Three Thousand Years of Longing is the retelling of stories within stories, in the style of The Thousand and One Nights, but told from a contemporary perspective. These are framed by Alithia’s own stories, and contemporary events. George Miller, of Mad Max fame, directed this, and spares no special effects — there is a mind-boggling plethora of CGIs in every scene: with non-stop, lush magical images. Idris Elba is fun as the Djinn with his pointy ears and the blue-green scales on his legs; and Tilda Swinton is great as always, this time bedecked in rose-coloured skirts, with a red pageboy haircut and academic glasses. Nothing deep here and it’s not terribly moving, but I always love a good story, well-told.
Wri/Dir: Choi Dong-hoon
It’s Korea six centuries ago, when a metal object tears through the sky, killing a woman with its tentacles. But, believe it or not, the tentacles are from the good guys, and the medieval Korean woman is actually an escaped mutant killer from another planet. You see, Guard (KIM Woo-bin) and Thunder are alien prison guards who lock the mutant prisoners inside human brains… and if they try to escape, earth’s atmosphere will kill them in a few minutes. But the humans with the alien prisoners locked inside them have no idea.
The woman they killed has a newborn baby girl, so they take her with them back to 2022 and raise her like she’s their own child (yes, little Ean has two daddies!) But they’re neither human nor mutants — Guard is a sophisticated robot and
Thunder is a computer program, but they both can take on human form. Now in 2022 things are going bad. Alien mutants have arrived on earth to free the prisoners and turn the earth’s air toxic for humans but breathable by them. And they’re winning the battle.

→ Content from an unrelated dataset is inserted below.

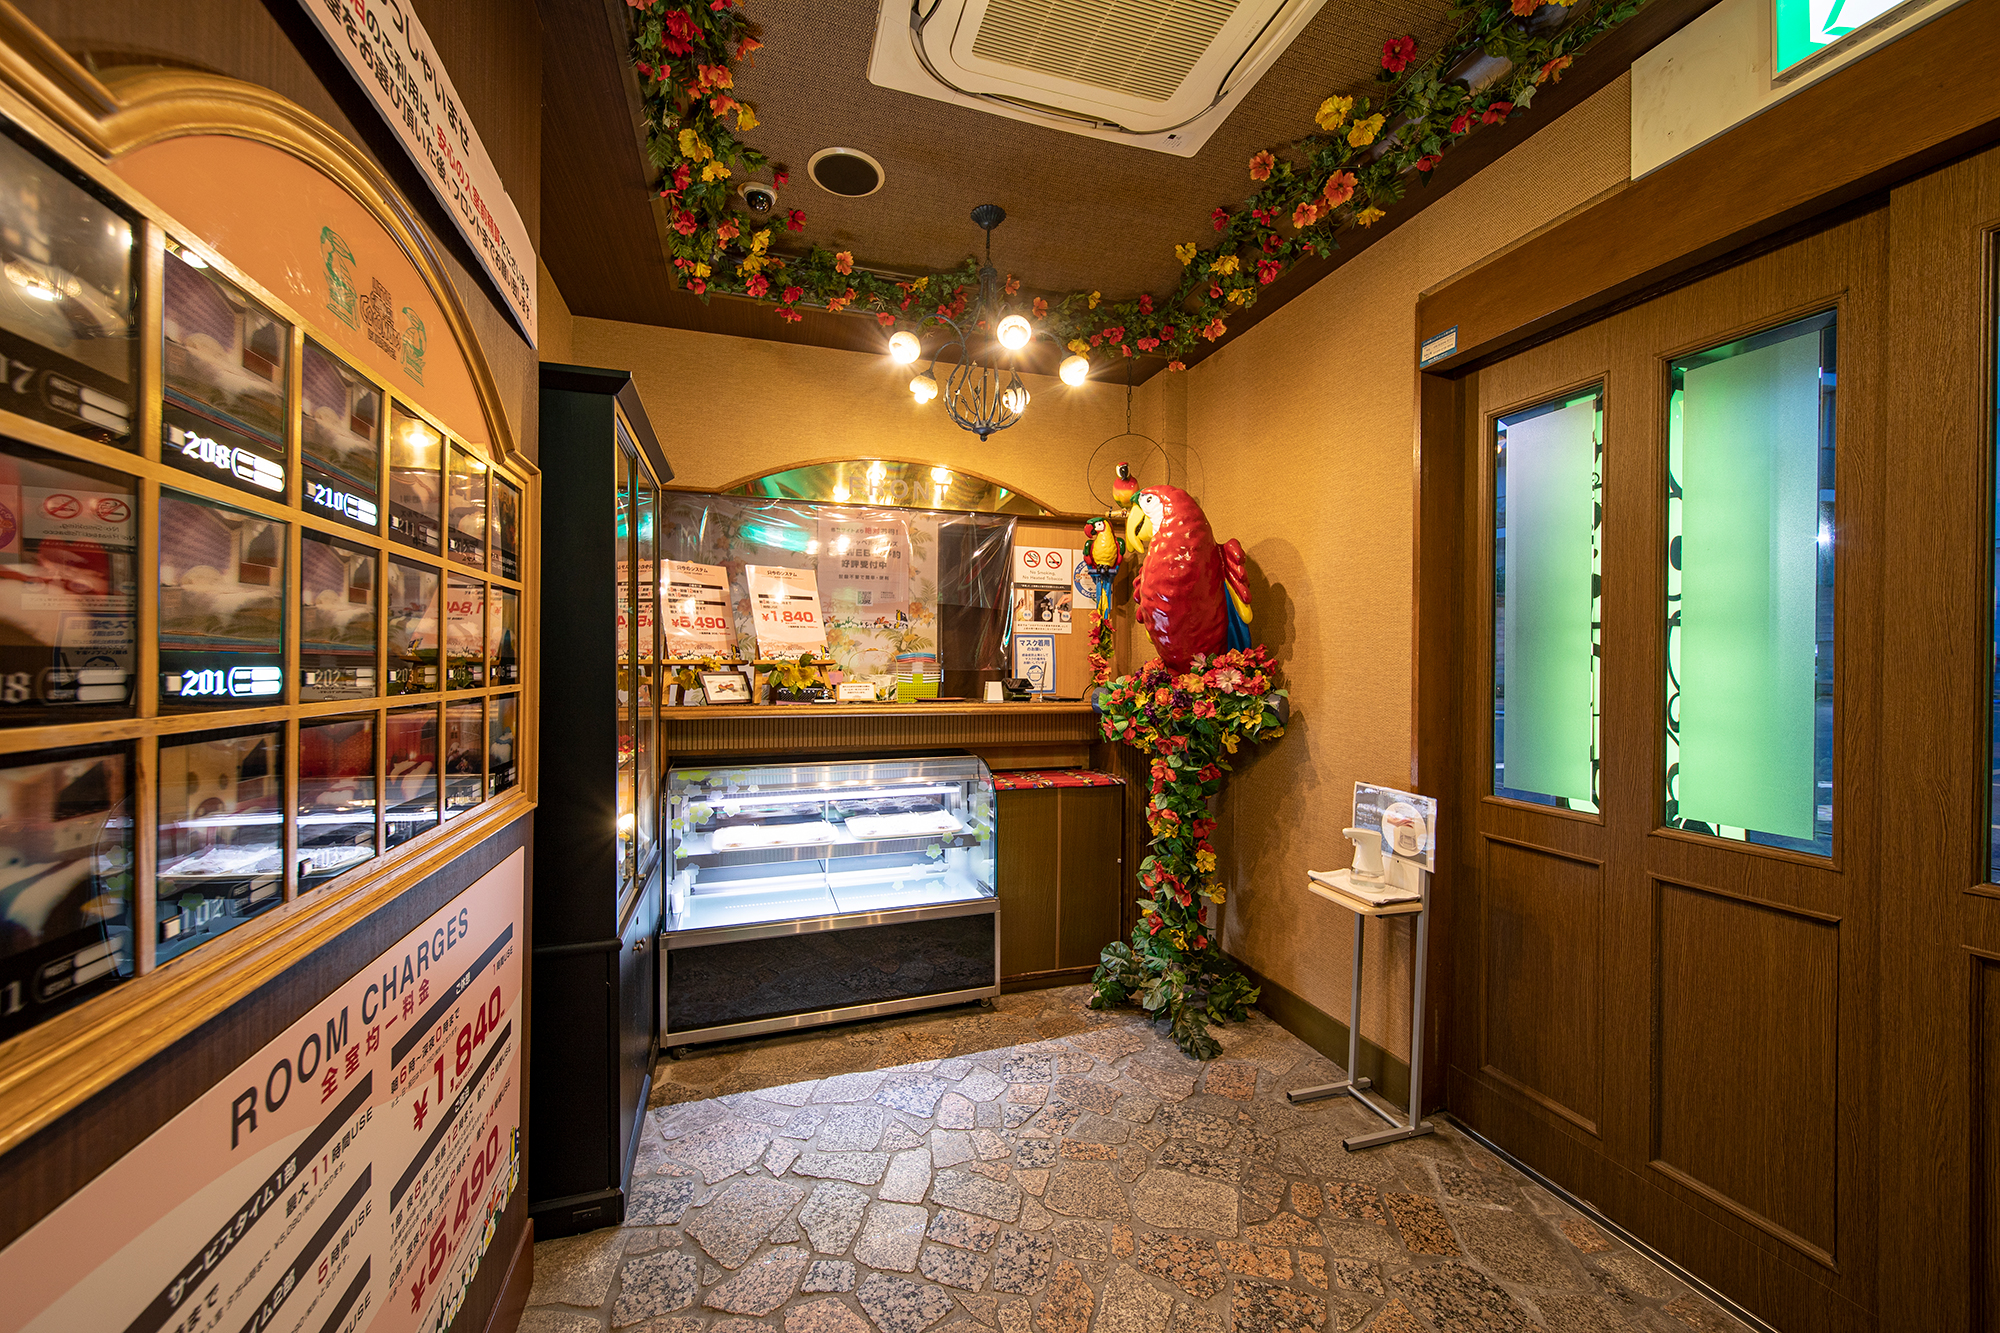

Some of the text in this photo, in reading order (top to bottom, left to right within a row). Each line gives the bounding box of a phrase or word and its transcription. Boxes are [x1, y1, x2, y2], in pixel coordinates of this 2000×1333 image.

But back to 600 years ago, things aren’t as bad. Muruk (RYU Jun-yeol) is a young Dosa, or spell caster, who earns his living as a bounty hunter. Now he’s after something more valuable — a legendary crystal knife called the divine blade for its strange powers. He tracks it down to a wedding and impersonates the
groom to steal it. What he doesn’t know is his “bride” is also an imposter seeking the same prize. So are Madame Blue and Mr Black, veteran sorcerers who make their living selling magic trinkets, as well as some evil killers, one of which dresses like a man from 2022. Who are all these people? What’s going on here? Will the world be destroyed? And what’s the connection between then and now?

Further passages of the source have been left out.